San Salvador! Where, if memory serves, the traffic lights were turned off after sunset and the streets reverted to two ways from one-way. Fabulous stuff!


----------



## twobiker (7 Sep 2011)

Two choices , 1, you are waiting at a set of tempoary lights, they are at red, you can see the other set of lights , they are at green ,the set of lights is 20yds apart on a straight section of road, do you go through?. 2, you are at a set of temporary lights, they are at red, the other set of lights is round a bend, out of sight, do you go through ? .


----------



## apollo179 (7 Sep 2011)

[QUOTE 1526497"]
If accurate, it's a negative consequence of the activity, and so a bad thing. You're only relating the activity to risk, and as you've been shown several times it's not just about risk.
[/quote]

I agree that it is a negative consequence of the action but that does not necessarily equate to it being a bad thing on that basis. 
Rljing is wrong but not on the basis that it encourages others.
The encouragement factor is a byproduct of the action - it does not define why it is essentially wrong in the first place.
Anyway lets not get fixated on arguing a silly point.


----------



## Angelfishsolo (7 Sep 2011)

twobiker said:


> Two choices , 1, you are waiting at a set of tempoary lights, they are at red, you can see the other set of lights , they are at green ,the set of lights is 20yds apart on a straight section of road, do you go through?. 2, you are at a set of temporary lights, they are at red, the other set of lights is round a bend, out of sight, do you go through ? .



I wait at both.


----------



## apollo179 (7 Sep 2011)

[QUOTE 1526499"]
Interesting that you claim only legal criteria and in the same post acknowledge that there's also a risk factor. So that's two. Any more reasons you accept?
[/quote]
Yes - correction - not just legal criteria. 
"does anyone have a *compelling arguement* why rljing is wrong in circumstances where it is safe to cyclist and others"
But by compelling arguement i dont mean cos it upsets mr angry.
In questioning the issue beyond "its against the law therefore its wrong" we can examine any arguement but to be compelling for me it needs to convince in a number of ways - legal and social etc etc.
I am considering other reasons.


----------



## dellzeqq (7 Sep 2011)

apollo179 said:


> I agree that it is a negative consequence of the action but that does not necessarily equate to it being a bad thing on that basis.
> Rljing is wrong but not on the basis that it encourages others.
> The encouragement factor is a byproduct of the action - it does not define why it is essentially wrong in the first place.
> *Anyway lets not get fixated on arguing a silly point.*


oh, come on..................


----------



## apollo179 (7 Sep 2011)

1526495 said:


> Think of it as a cultural thing. The comparison with speeding might help. It is most definitely normal behavior for drivers to exceed speed limits. A policing regime with a tolerance of x%+y over the limit before anything is done serves to encourage it.
> Similarly with RLJING, a widespread tolerance of it breeds a culture IG RLJing. Once the proportion of cyclists ignoring the lights reaches a significant number it becomes the norm. It isn't individuals encouraging others to do it in a literal sense but has the same effect.



Yes.
Its the tolerance that serves to encourage.
Should society choose to tolerate law breaking that undermines the rule of law or should it legislate to its capacity to enforce ?


----------



## Angelfishsolo (7 Sep 2011)

apollo179 said:


> Yes - correction - not just legal criteria.
> "does anyone have a *compelling arguement* why rljing is wrong in circumstances where it is safe to cyclist and others"
> But by compelling arguement i dont mean cos it upsets mr angry.
> In questioning the issue beyond "its against the law therefore its wrong" we can examine any arguement but to be compelling for me it needs to convince in a number of ways - legal and social etc etc.
> I am considering other reasons.




I would treat a Red Light like a Gun in that it is always loaded even when you know it isn't.

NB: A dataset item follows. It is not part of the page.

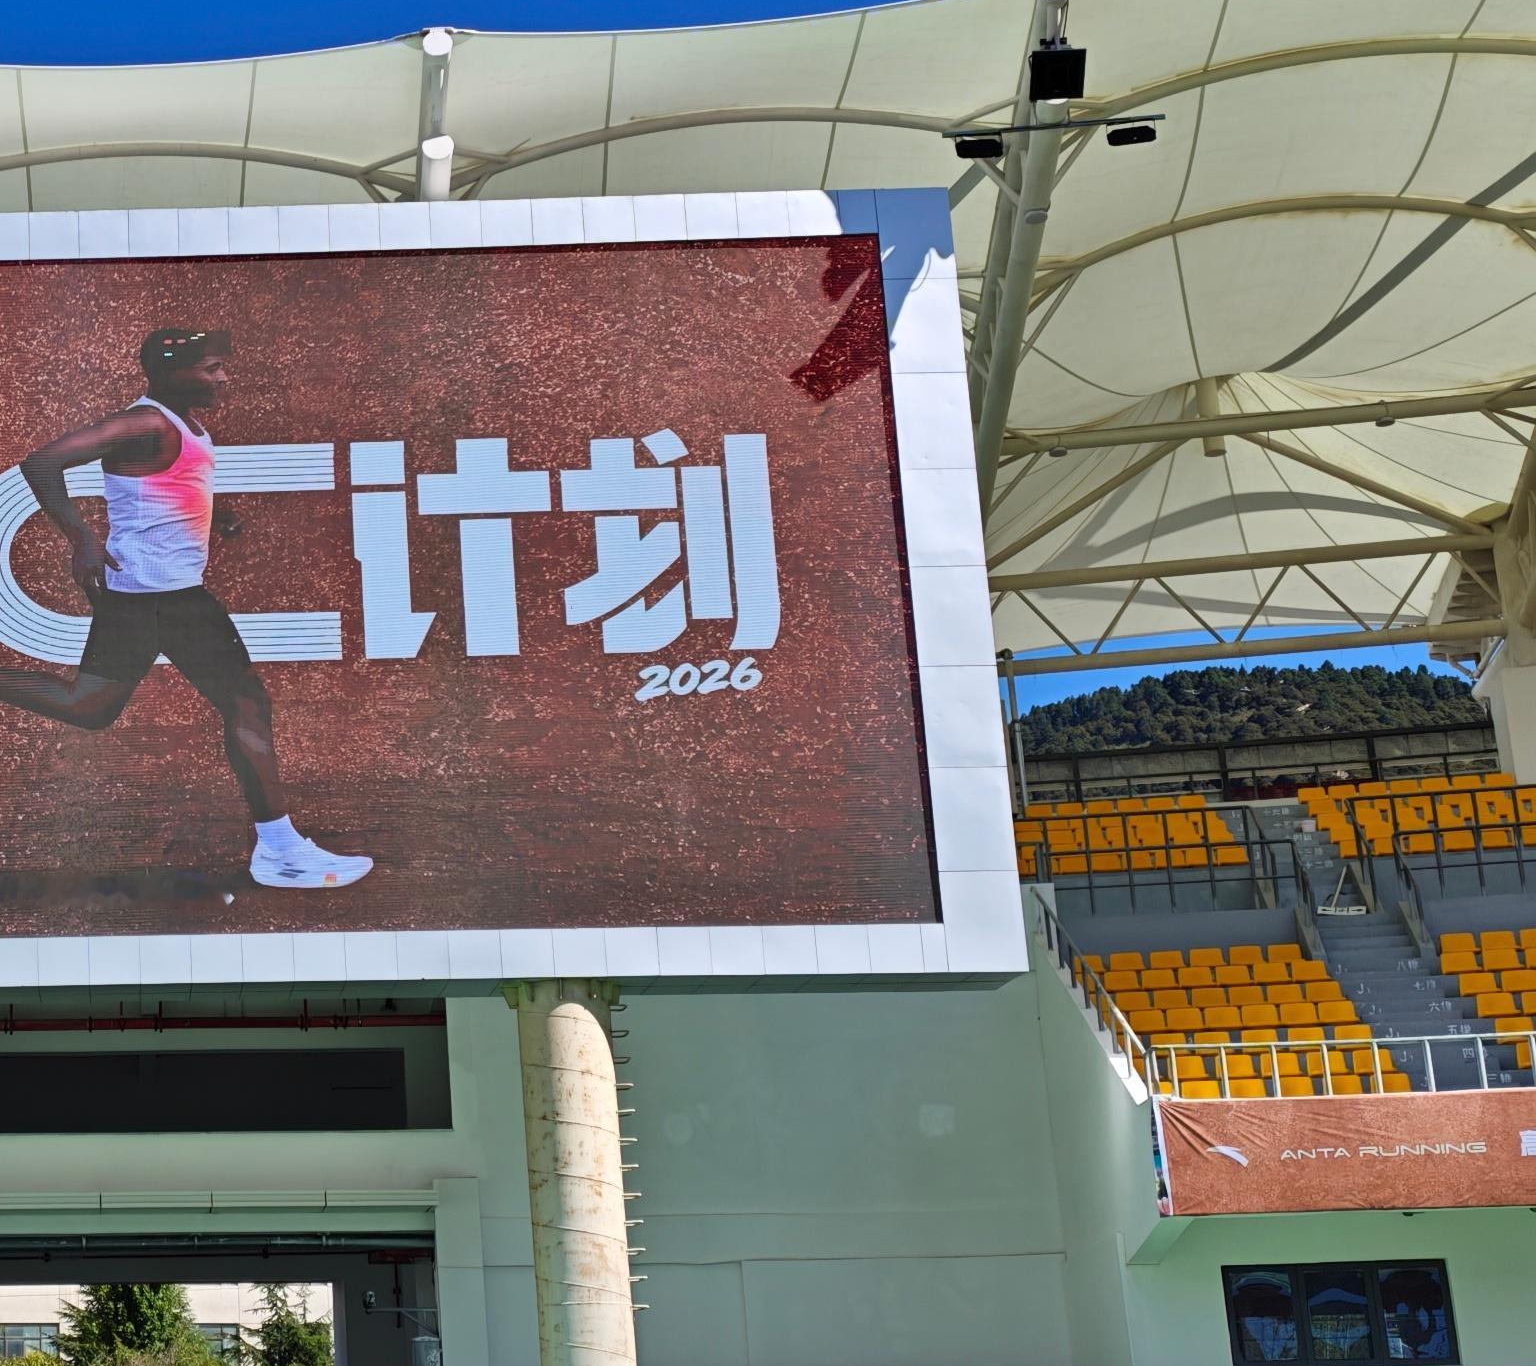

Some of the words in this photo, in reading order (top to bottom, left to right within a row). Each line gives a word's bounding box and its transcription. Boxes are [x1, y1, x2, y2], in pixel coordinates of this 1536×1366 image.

Compelling argument. Have you ever had a chain snap, have you ever had a puncture. These things can happen at any time and usually not at opportune times. Get halfway across the red light and snap a chain. Splat no thinking time left.


----------



## apollo179 (7 Sep 2011)

[QUOTE 1526504"]
That kind of nonsensical, dismissive reasoning is why you can't be taken seriously.
[/quote]

Oh dear - i had hoped i was making some progress with you but you seem to have relapsed in jedward behaviour.


----------



## Angelfishsolo (7 Sep 2011)

apollo179 said:


> Oh dear - i had hoped i was making some progress with you but you seem to have relapsed in jedward behaviour.



Who is Mr Paul mimicking?


----------



## Dan B (7 Sep 2011)

Claiming that RLJ is bad because it encourages other people to RLJ is like claiming that eating meat is good because it encourages other people to eat meat. Except, no, wait, maybe it's the other way around. Er.


----------



## Angelfishsolo (7 Sep 2011)

Dan B said:


> Claiming that RLJ is bad because it encourages other people to RLJ is like claiming that eating meat is good because it encourages other people to eat meat. Except, no, wait, maybe it's the other way around. Er.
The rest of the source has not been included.